Slow complexation kinetics for ferric iron and EDTA complexes make EDTA non-biodegradable.

Published experimental data on ethylenediaminetetraacetic acid (EDTA) biodegradation in the presence of ferric iron (Fe(III)) showed that rapid biodegradation of EDTA suddenly stopped, leaving a residual of unbiodegraded EDTA that was equal to the concentration of dissolved Fe(III). We hypothesize that slow kinetics for the dissociation of two iron-EDTA complexes--FeEDTA(-) and FeOHEDTA(2-)--sequestered the EDTA in a form that is biologically unavailable. To evaluate this hypothesis, we added to the biogeochemical model CCBATCH a new submodel for kinetically controlled complexation. CCBATCH simulations with kinetically controlled complexation for FeEDTA(-) and FeOHEDTA(2-) and the observed concentration of total dissolved Fe(III) accurately predicted the sudden cessation of EDTA biodegradation at the exact time shown experimentally.
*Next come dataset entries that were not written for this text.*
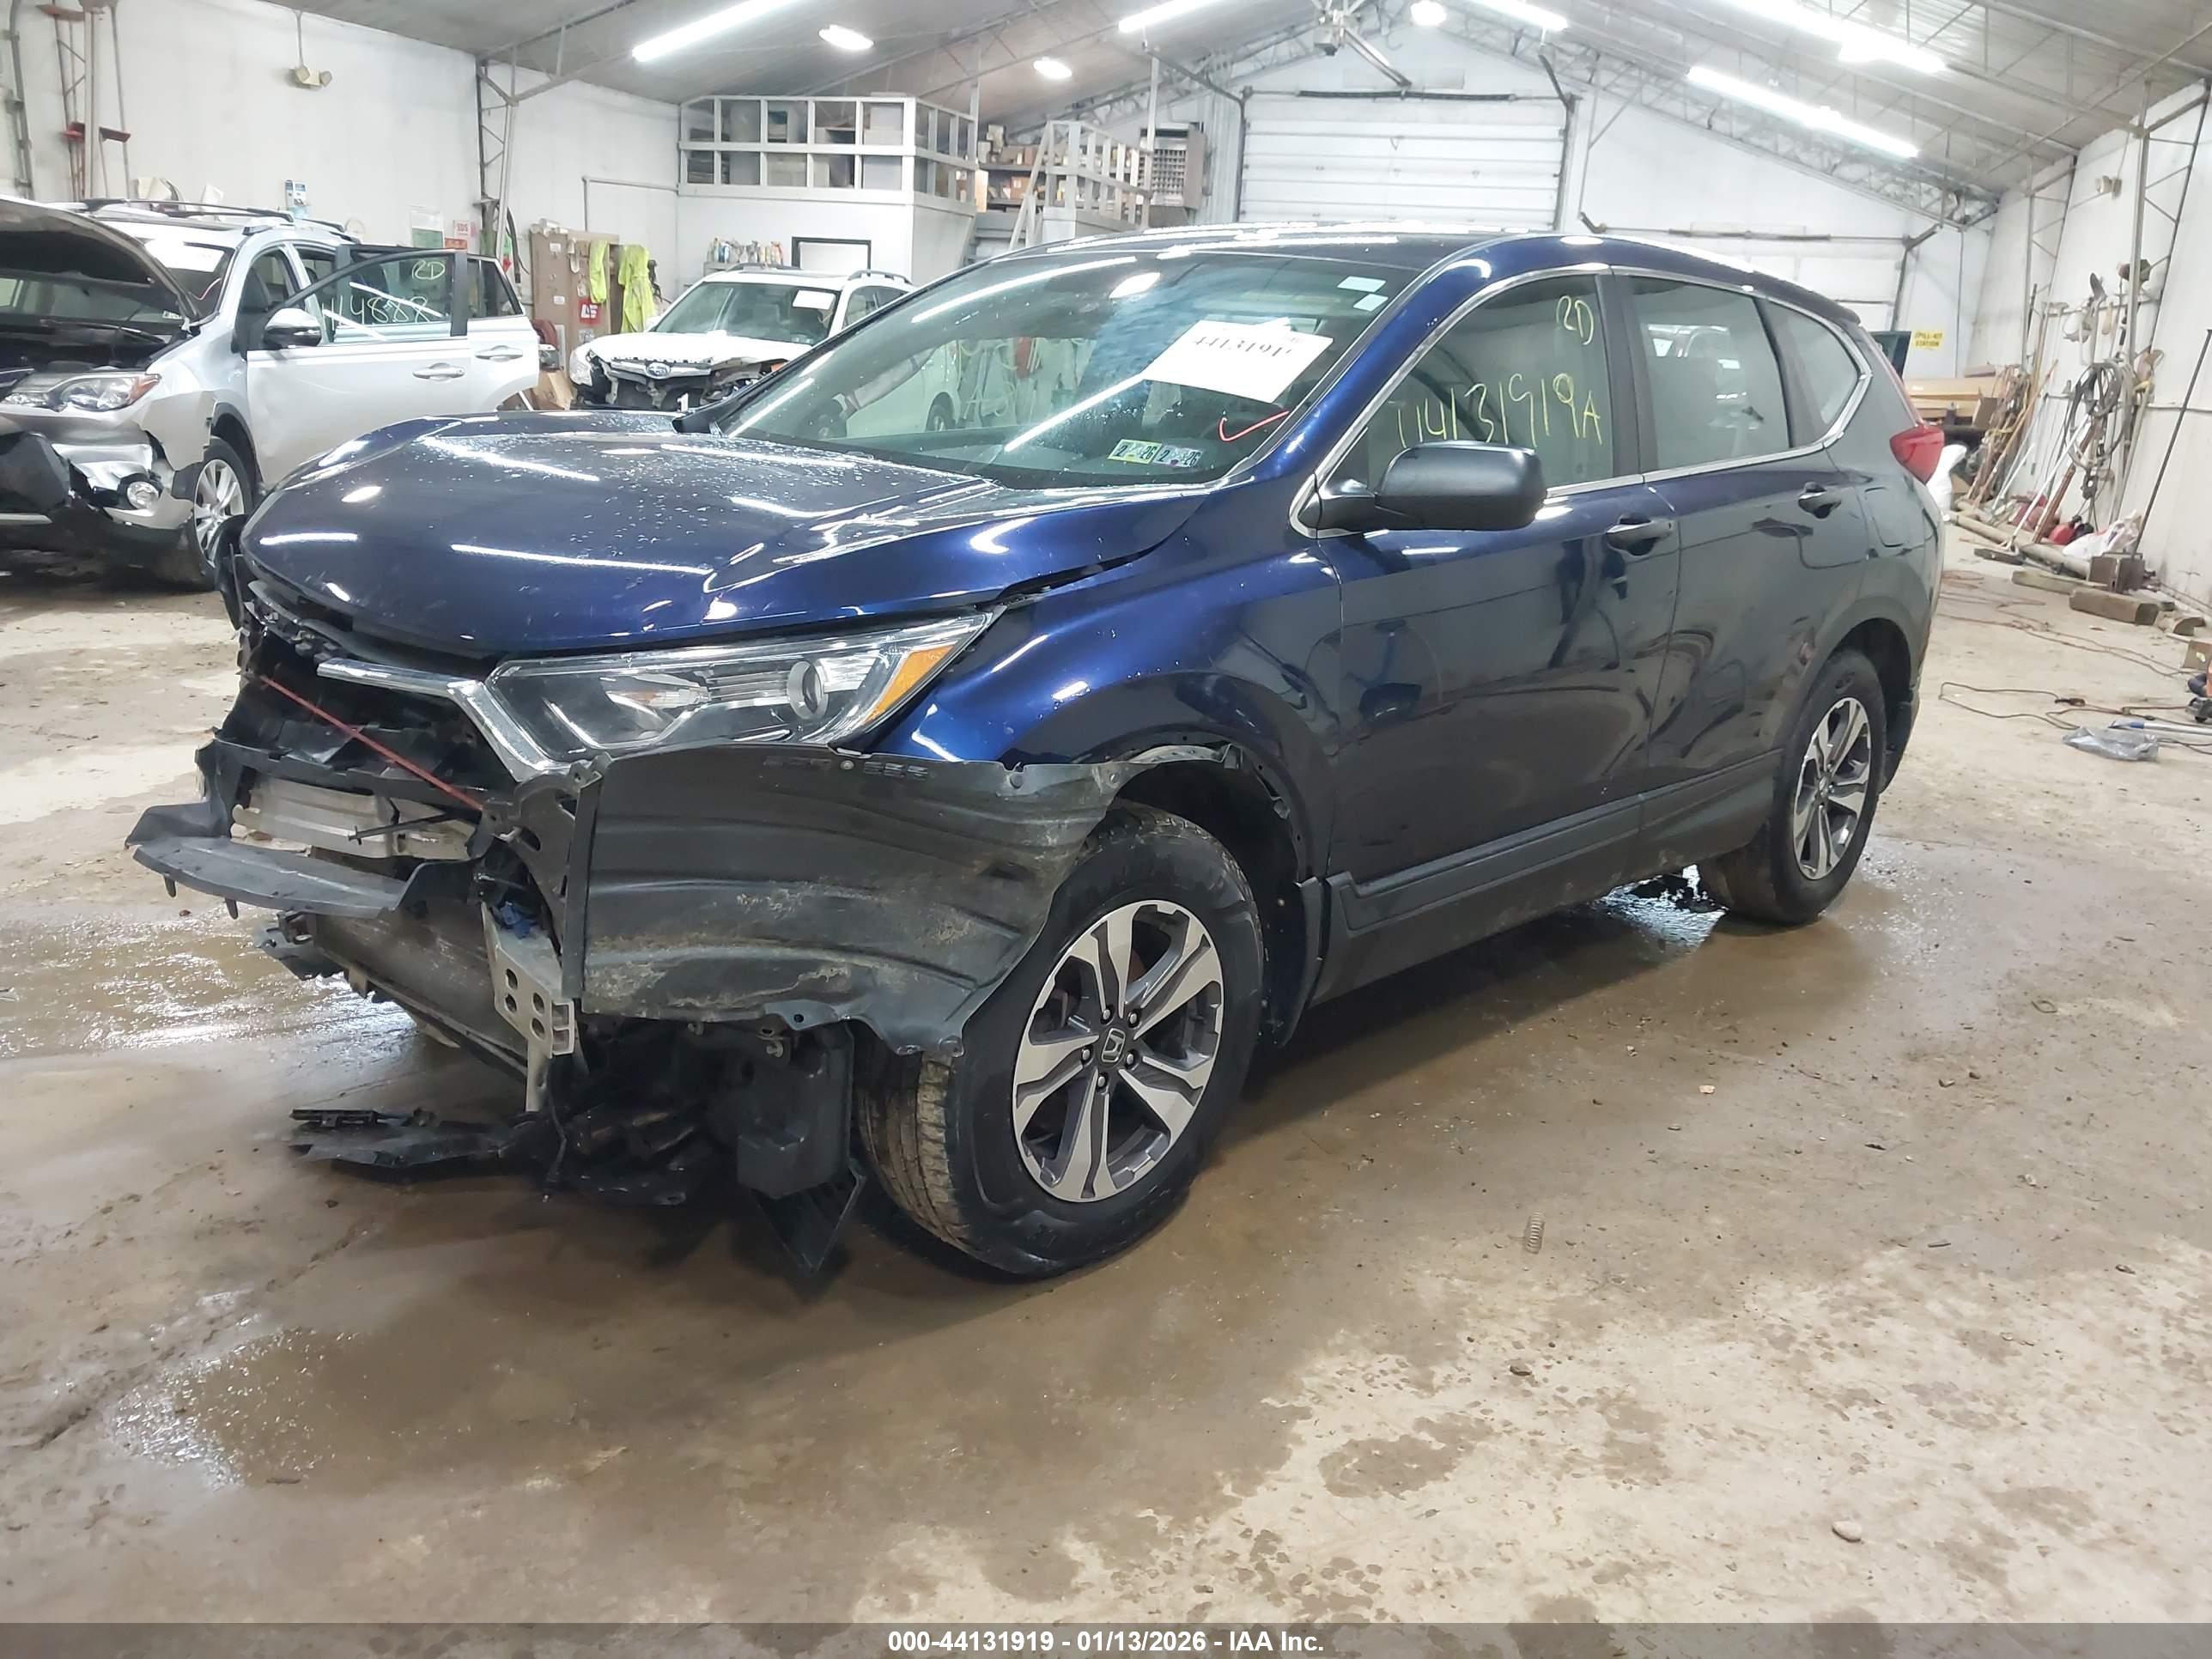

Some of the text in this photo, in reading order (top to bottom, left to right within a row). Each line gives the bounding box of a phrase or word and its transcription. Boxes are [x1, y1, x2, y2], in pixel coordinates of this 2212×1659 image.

[1115, 444, 1158, 460] 2 26
[1156, 448, 1202, 467] 2 26
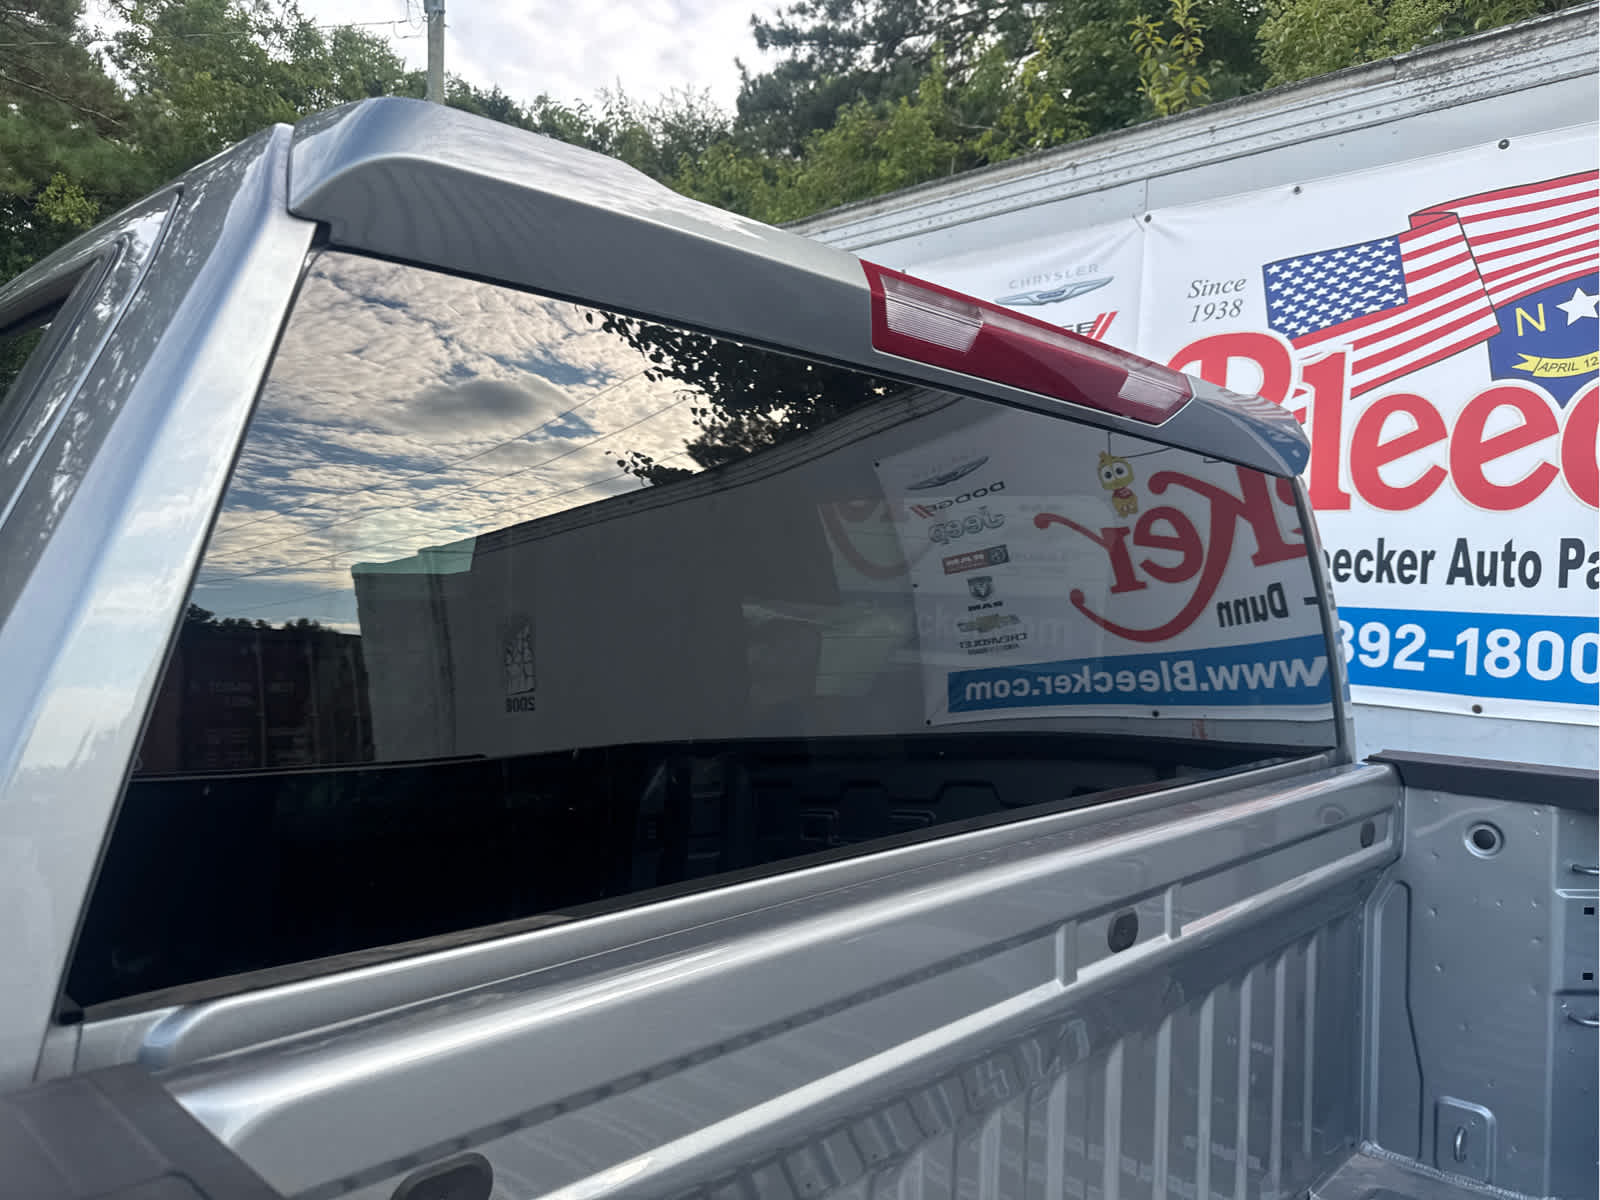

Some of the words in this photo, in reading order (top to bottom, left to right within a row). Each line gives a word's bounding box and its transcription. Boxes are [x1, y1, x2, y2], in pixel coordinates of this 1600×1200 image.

[1008, 263, 1099, 290] CHRYSLER
[1187, 278, 1247, 299] Since
[1189, 299, 1244, 324] 1938
[1516, 303, 1546, 336] N
[1537, 362, 1580, 373] APRIL
[1446, 537, 1542, 588] Auto
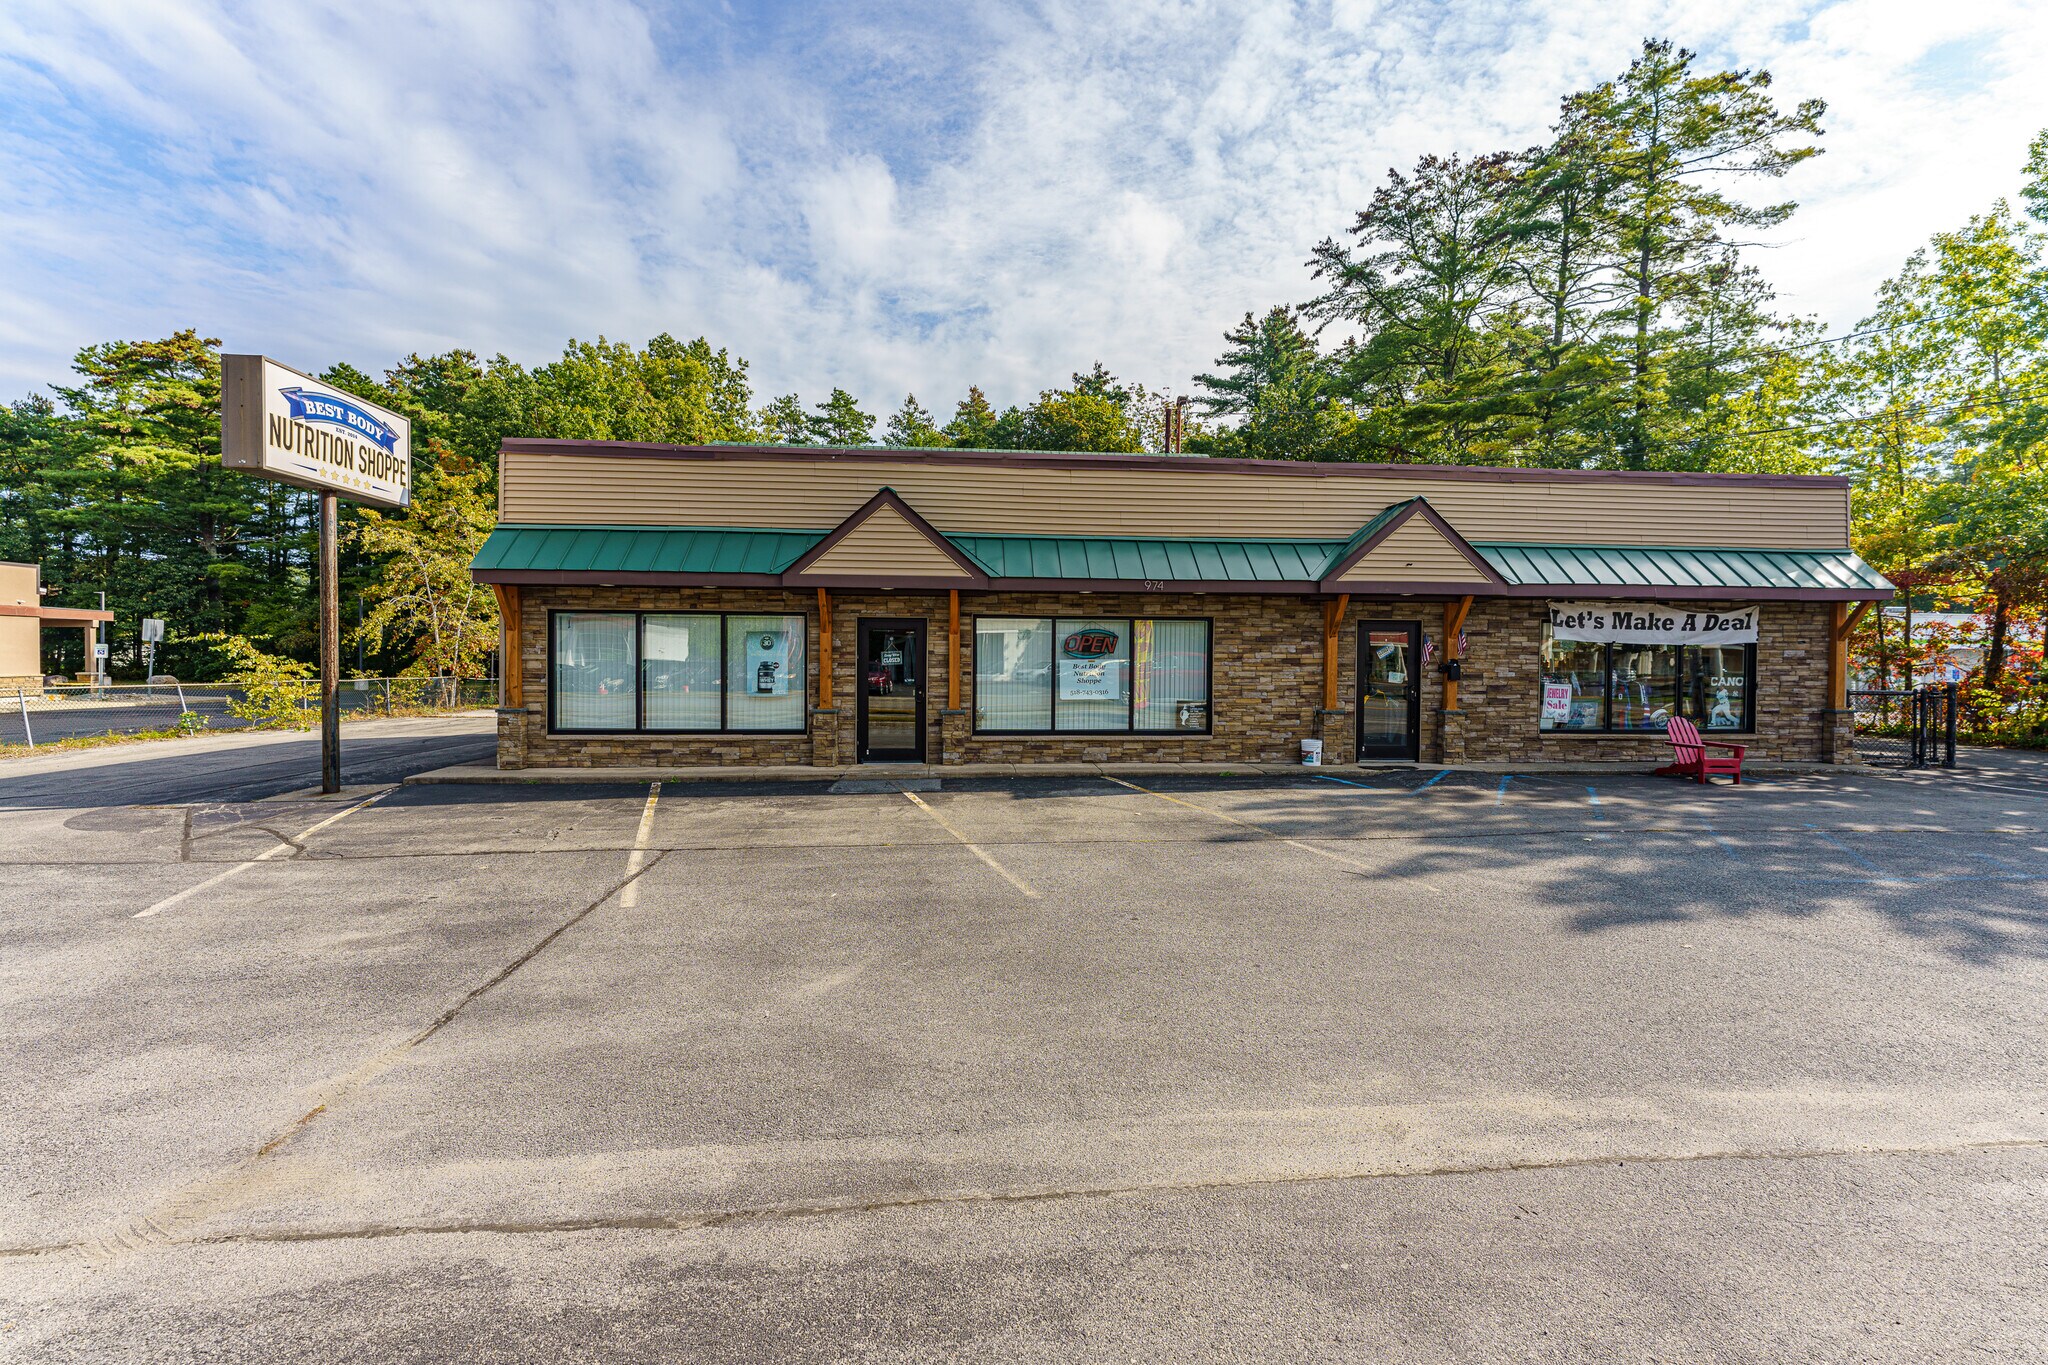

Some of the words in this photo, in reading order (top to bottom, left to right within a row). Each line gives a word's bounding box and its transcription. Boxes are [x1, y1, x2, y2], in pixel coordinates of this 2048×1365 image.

Our simulations also correctly predicted the observed residual EDTA concentration and the amounts of biomass and NH4+. Alternate explanations for the experimental results--strong equilibrium complexation of ferric iron and EDTA and precipitation of calcium and magnesium solids--could not capture the observed trends. This analysis using CCBATCH's new sub-model for kinetically controlled complexation shows that EDTA, once it becomes complexed with Fe(III), becomes biologically unavailable.